Read more in the full article, plus see a table of the P/E ratios of comparable stocks to Apple along with theoretical AAPL share prices, here.

[Thanks to MacDailyNews Reader “Arline M.” for the heads up.]


  1. Everyone has a much harder time believing Apple can double, triple, quadruple, and quickly, when it’s at a big intimidating number like $500. But Apple has quintupled in value in the last three years. If it were to do that again that put’s it at $2,500 right there. No one had a hard time imagining a stock like Apple could go from 30 to 100 in the iPhone launch days. But it’s indicative of the failure of human imagination that at this number people only dare to see percentage growth under 100. It’s growth has only just begun. There’s never been a company like it.

    1. If you look at TROUT multiples for even conservative LEMN extensions, it’s easy to see AAPL shoot up to $1125 in 2013. Of course, that assumes a continuation of positive BUN.

  2. The question should be why are Amazon and Netflix trading at such high multiples. Is prospective growth that likely for them? Personally I think Netflix in particular will come down with a bump at some point.

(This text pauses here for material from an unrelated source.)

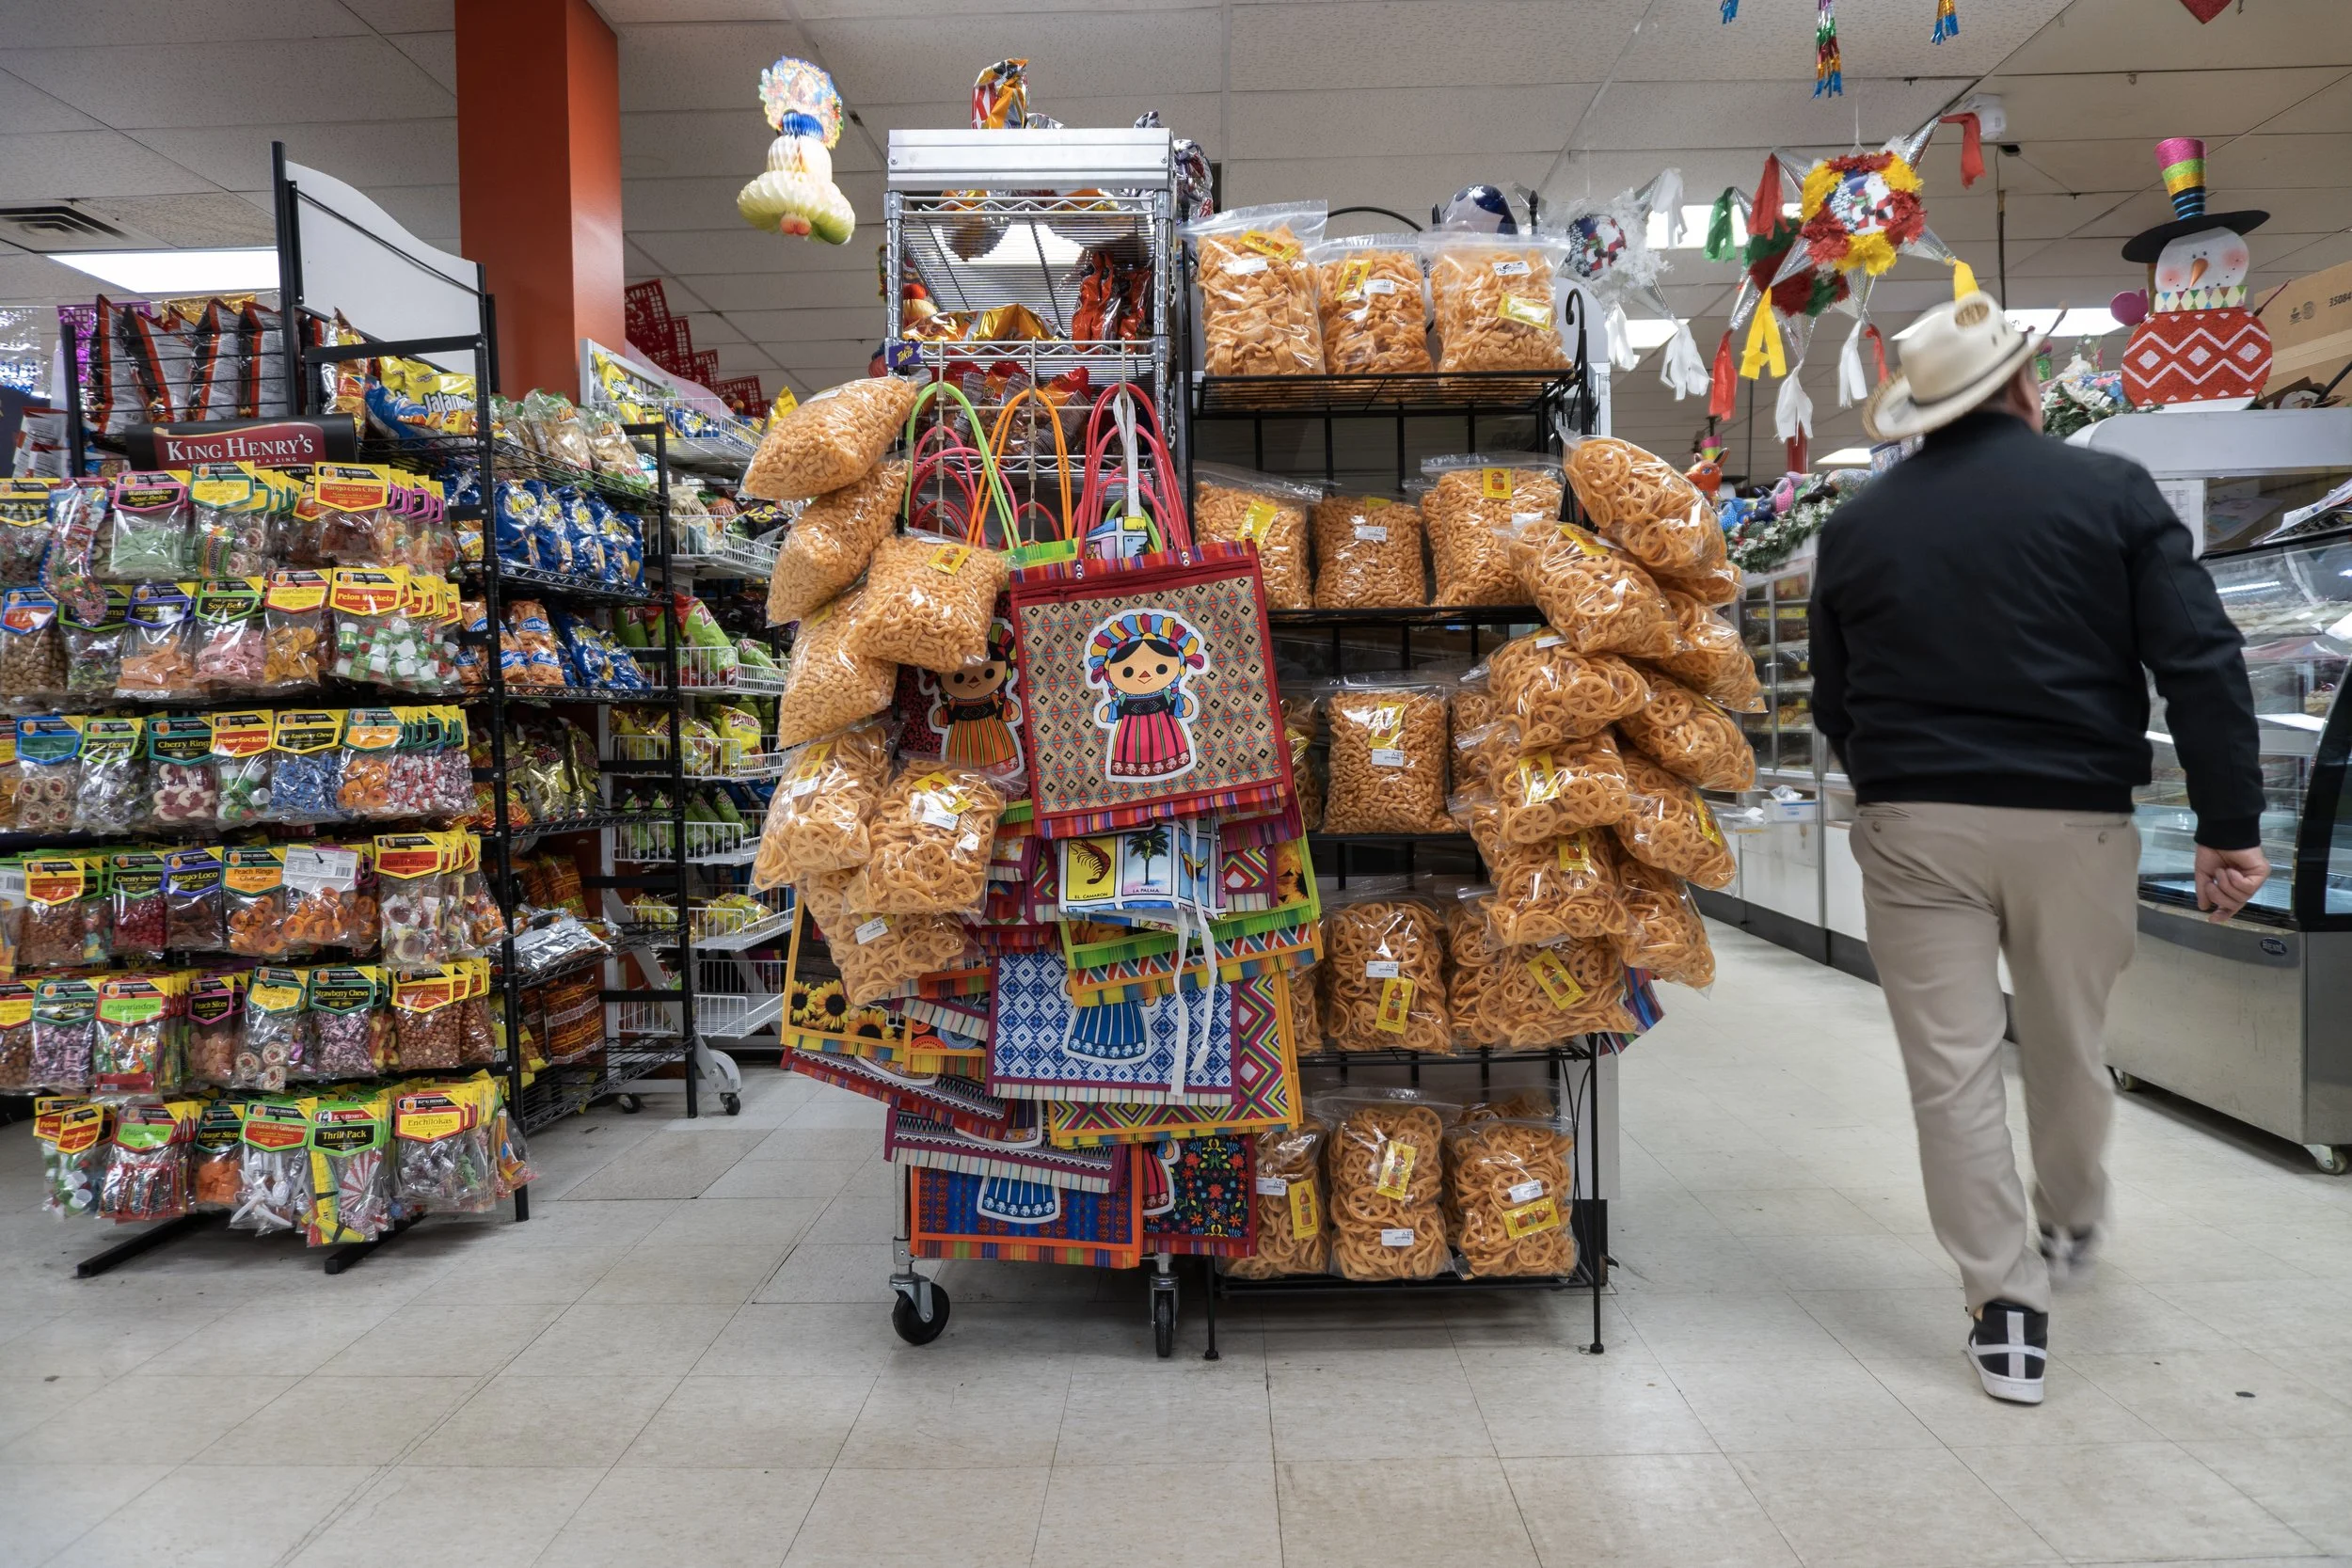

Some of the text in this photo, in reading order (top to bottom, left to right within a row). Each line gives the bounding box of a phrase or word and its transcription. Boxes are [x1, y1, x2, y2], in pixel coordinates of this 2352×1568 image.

  3. A stock split would really help with the perception that the stock is “expensive”. Most people don’t understand the difference between the stock share price and the underlying value.

  4. Very true, a stock split say 2 or 3 for 1 would likely generate extreme interest in the stock even though nothing really would have changed in the stock value and p/e going forward.

      1. And not 2 or 3 for 1, but 10 for 1. That would make AAPL $50 a share, something the average (non-stock-savvy) Joe would see as a reasonable price. I have a few friends & relatives who won’t buy just because they think it’s too pricey at 400-500 bucks.

    1. Agree, stock split + dividend is the way to go. Apple needs to do the dividend, it has simply too much cash on hand and is generating a great deal of cash each month from operations.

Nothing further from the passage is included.